For this exercise, copy the records below exactly and exclude every image.

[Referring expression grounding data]
↓↓↓
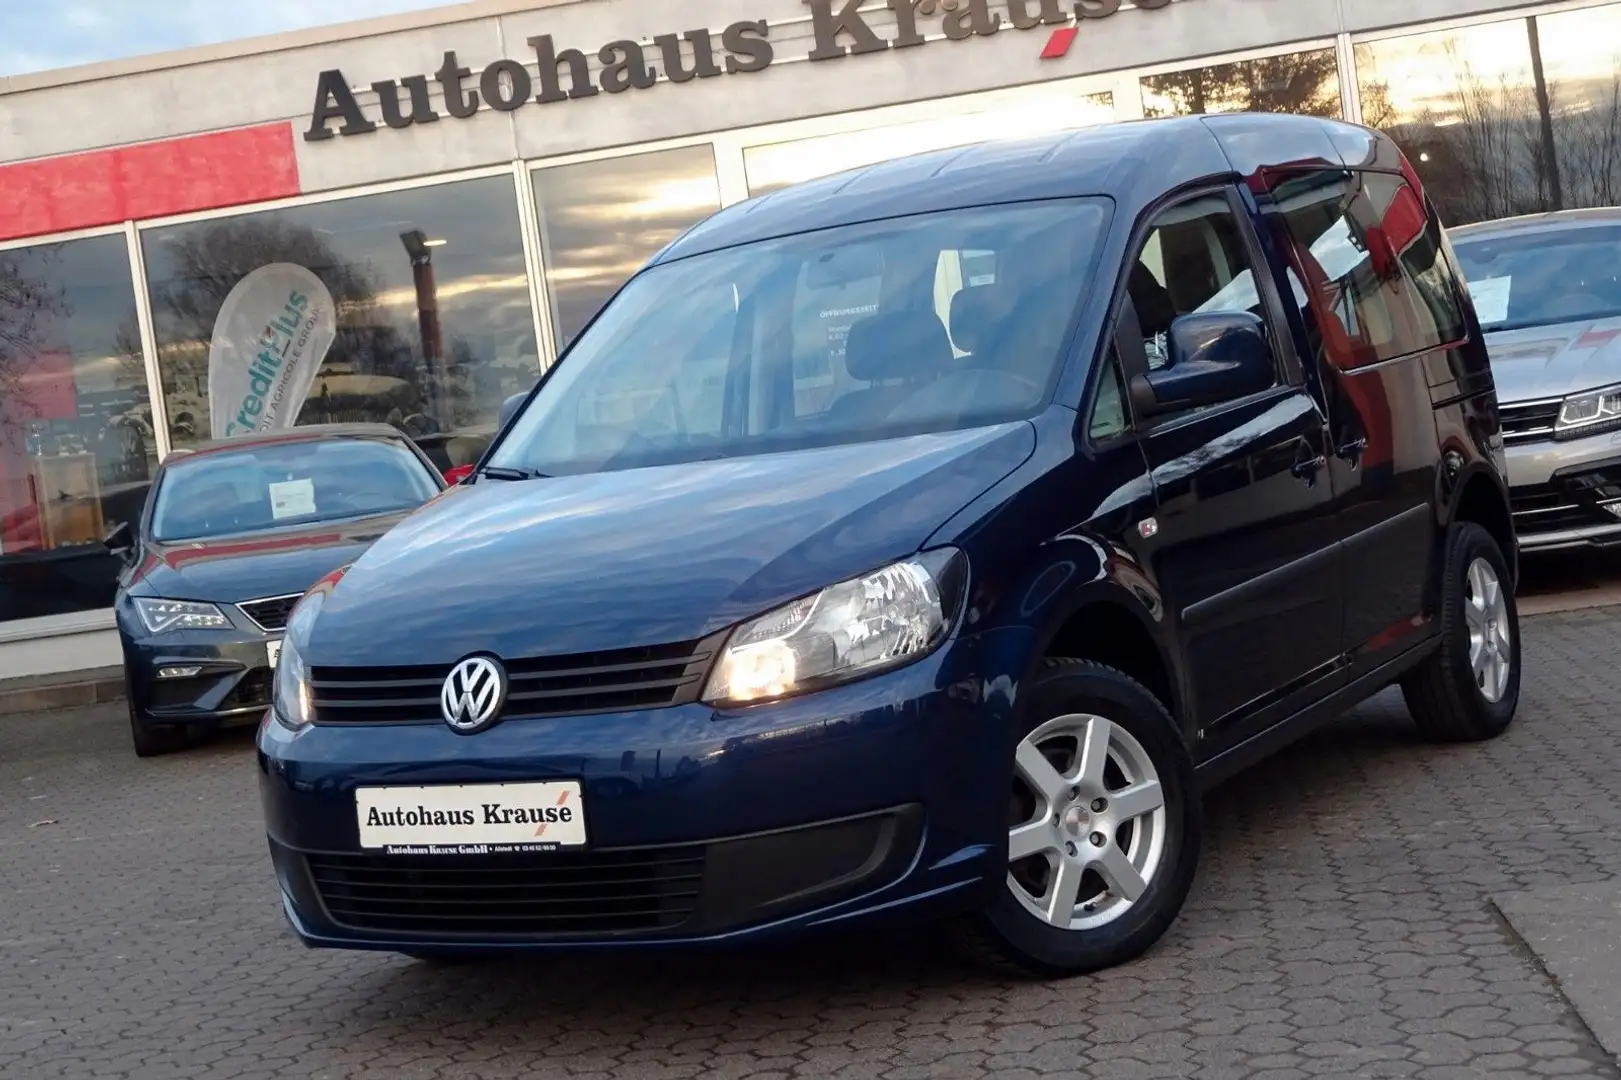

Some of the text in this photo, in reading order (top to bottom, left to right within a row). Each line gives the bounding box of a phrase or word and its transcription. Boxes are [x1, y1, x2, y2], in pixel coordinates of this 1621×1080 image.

[303, 0, 1172, 141] Autohaus Krau
[271, 351, 302, 413] AGRICOLE
[443, 659, 499, 727] VW
[366, 803, 573, 826] Autohaus Krause
[387, 845, 428, 854] Autohaus
[458, 845, 488, 854] GmbH
↑↑↑
Exercise solution
Some of the text in this photo, in reading order (top to bottom, left to right within a row). Each line gives the bounding box of a phrase or word and its transcription. Boxes are [x1, y1, x2, y2], in pixel coordinates of this 1621×1080 image.

[303, 0, 1172, 141] Autohaus Krau
[271, 351, 302, 413] AGRICOLE
[443, 659, 499, 727] VW
[366, 803, 573, 826] Autohaus Krause
[387, 845, 428, 854] Autohaus
[458, 845, 488, 854] GmbH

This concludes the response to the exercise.